◆ Task directions ◆
Could you set down every entry below exactly as it is?

◆ Raw data ◆

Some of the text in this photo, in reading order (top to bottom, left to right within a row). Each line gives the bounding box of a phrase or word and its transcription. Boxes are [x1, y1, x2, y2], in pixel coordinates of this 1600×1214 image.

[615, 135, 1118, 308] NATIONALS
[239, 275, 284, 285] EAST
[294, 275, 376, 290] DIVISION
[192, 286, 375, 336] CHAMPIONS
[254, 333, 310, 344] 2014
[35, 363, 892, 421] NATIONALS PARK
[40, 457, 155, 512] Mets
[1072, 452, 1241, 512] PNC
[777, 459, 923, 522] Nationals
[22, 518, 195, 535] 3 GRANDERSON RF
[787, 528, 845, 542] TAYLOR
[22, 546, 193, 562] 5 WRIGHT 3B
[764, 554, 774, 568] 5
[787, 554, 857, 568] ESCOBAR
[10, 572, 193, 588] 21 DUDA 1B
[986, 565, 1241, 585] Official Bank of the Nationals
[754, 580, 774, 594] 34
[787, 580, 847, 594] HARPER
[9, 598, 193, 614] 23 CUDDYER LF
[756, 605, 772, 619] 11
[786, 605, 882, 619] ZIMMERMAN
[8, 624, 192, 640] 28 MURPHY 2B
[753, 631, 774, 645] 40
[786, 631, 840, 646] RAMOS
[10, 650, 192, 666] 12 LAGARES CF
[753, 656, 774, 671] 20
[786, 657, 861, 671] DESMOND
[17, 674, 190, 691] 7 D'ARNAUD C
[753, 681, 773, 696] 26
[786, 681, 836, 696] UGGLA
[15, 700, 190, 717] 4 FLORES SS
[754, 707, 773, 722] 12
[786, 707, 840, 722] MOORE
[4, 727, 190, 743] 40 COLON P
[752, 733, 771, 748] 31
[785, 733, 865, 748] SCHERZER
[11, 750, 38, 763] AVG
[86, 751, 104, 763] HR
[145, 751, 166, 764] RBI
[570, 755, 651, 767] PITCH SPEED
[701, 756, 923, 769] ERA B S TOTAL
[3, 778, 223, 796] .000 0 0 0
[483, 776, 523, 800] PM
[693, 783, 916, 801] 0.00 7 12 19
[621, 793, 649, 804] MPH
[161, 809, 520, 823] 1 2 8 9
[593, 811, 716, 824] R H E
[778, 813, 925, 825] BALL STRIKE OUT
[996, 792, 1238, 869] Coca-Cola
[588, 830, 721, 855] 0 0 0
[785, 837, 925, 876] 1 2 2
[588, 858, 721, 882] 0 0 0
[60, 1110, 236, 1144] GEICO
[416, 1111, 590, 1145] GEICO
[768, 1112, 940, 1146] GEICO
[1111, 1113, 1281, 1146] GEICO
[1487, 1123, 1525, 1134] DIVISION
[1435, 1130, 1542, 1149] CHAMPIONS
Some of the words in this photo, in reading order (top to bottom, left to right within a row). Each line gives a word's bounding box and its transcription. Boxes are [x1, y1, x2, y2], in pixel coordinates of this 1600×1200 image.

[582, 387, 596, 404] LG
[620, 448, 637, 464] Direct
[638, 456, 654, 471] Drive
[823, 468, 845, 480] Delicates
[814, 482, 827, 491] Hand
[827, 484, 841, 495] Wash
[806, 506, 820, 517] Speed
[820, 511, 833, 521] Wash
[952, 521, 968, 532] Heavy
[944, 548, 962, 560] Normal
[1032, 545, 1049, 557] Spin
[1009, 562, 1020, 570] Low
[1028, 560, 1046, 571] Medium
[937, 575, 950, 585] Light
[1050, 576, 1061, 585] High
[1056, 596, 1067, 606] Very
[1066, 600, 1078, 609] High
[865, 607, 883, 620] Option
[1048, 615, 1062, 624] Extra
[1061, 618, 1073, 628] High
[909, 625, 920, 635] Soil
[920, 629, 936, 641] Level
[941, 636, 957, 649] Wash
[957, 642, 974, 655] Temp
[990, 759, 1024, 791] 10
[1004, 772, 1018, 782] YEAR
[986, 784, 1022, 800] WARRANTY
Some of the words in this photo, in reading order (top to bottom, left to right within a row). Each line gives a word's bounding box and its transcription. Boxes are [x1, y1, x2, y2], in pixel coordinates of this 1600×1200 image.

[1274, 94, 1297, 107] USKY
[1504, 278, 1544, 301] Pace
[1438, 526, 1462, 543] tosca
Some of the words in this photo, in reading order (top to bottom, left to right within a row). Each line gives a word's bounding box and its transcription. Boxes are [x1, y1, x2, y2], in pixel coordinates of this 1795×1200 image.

◆ Solution to the problem ◆
Some of the text in this photo, in reading order (top to bottom, left to right within a row). Each line gives the bounding box of a phrase or word and its transcription. Boxes are [x1, y1, x2, y2], in pixel coordinates of this 1600×1214 image.

[615, 135, 1118, 308] NATIONALS
[239, 275, 284, 285] EAST
[294, 275, 376, 290] DIVISION
[192, 286, 375, 336] CHAMPIONS
[254, 333, 310, 344] 2014
[35, 363, 892, 421] NATIONALS PARK
[40, 457, 155, 512] Mets
[1072, 452, 1241, 512] PNC
[777, 459, 923, 522] Nationals
[22, 518, 195, 535] 3 GRANDERSON RF
[787, 528, 845, 542] TAYLOR
[22, 546, 193, 562] 5 WRIGHT 3B
[764, 554, 774, 568] 5
[787, 554, 857, 568] ESCOBAR
[10, 572, 193, 588] 21 DUDA 1B
[986, 565, 1241, 585] Official Bank of the Nationals
[754, 580, 774, 594] 34
[787, 580, 847, 594] HARPER
[9, 598, 193, 614] 23 CUDDYER LF
[756, 605, 772, 619] 11
[786, 605, 882, 619] ZIMMERMAN
[8, 624, 192, 640] 28 MURPHY 2B
[753, 631, 774, 645] 40
[786, 631, 840, 646] RAMOS
[10, 650, 192, 666] 12 LAGARES CF
[753, 656, 774, 671] 20
[786, 657, 861, 671] DESMOND
[17, 674, 190, 691] 7 D'ARNAUD C
[753, 681, 773, 696] 26
[786, 681, 836, 696] UGGLA
[15, 700, 190, 717] 4 FLORES SS
[754, 707, 773, 722] 12
[786, 707, 840, 722] MOORE
[4, 727, 190, 743] 40 COLON P
[752, 733, 771, 748] 31
[785, 733, 865, 748] SCHERZER
[11, 750, 38, 763] AVG
[86, 751, 104, 763] HR
[145, 751, 166, 764] RBI
[570, 755, 651, 767] PITCH SPEED
[701, 756, 923, 769] ERA B S TOTAL
[3, 778, 223, 796] .000 0 0 0
[483, 776, 523, 800] PM
[693, 783, 916, 801] 0.00 7 12 19
[621, 793, 649, 804] MPH
[161, 809, 520, 823] 1 2 8 9
[593, 811, 716, 824] R H E
[778, 813, 925, 825] BALL STRIKE OUT
[996, 792, 1238, 869] Coca-Cola
[588, 830, 721, 855] 0 0 0
[785, 837, 925, 876] 1 2 2
[588, 858, 721, 882] 0 0 0
[60, 1110, 236, 1144] GEICO
[416, 1111, 590, 1145] GEICO
[768, 1112, 940, 1146] GEICO
[1111, 1113, 1281, 1146] GEICO
[1487, 1123, 1525, 1134] DIVISION
[1435, 1130, 1542, 1149] CHAMPIONS
Some of the words in this photo, in reading order (top to bottom, left to right within a row). Each line gives a word's bounding box and its transcription. Boxes are [x1, y1, x2, y2], in pixel coordinates of this 1600×1200 image.

[582, 387, 596, 404] LG
[620, 448, 637, 464] Direct
[638, 456, 654, 471] Drive
[823, 468, 845, 480] Delicates
[814, 482, 827, 491] Hand
[827, 484, 841, 495] Wash
[806, 506, 820, 517] Speed
[820, 511, 833, 521] Wash
[952, 521, 968, 532] Heavy
[944, 548, 962, 560] Normal
[1032, 545, 1049, 557] Spin
[1009, 562, 1020, 570] Low
[1028, 560, 1046, 571] Medium
[937, 575, 950, 585] Light
[1050, 576, 1061, 585] High
[1056, 596, 1067, 606] Very
[1066, 600, 1078, 609] High
[865, 607, 883, 620] Option
[1048, 615, 1062, 624] Extra
[1061, 618, 1073, 628] High
[909, 625, 920, 635] Soil
[920, 629, 936, 641] Level
[941, 636, 957, 649] Wash
[957, 642, 974, 655] Temp
[990, 759, 1024, 791] 10
[1004, 772, 1018, 782] YEAR
[986, 784, 1022, 800] WARRANTY
Some of the words in this photo, in reading order (top to bottom, left to right within a row). Each line gives a word's bounding box and its transcription. Boxes are [x1, y1, x2, y2], in pixel coordinates of this 1600×1200 image.

[1274, 94, 1297, 107] USKY
[1504, 278, 1544, 301] Pace
[1438, 526, 1462, 543] tosca
Some of the words in this photo, in reading order (top to bottom, left to right within a row). Each line gives a word's bounding box and its transcription. Boxes are [x1, y1, x2, y2], in pixel coordinates of this 1795×1200 image.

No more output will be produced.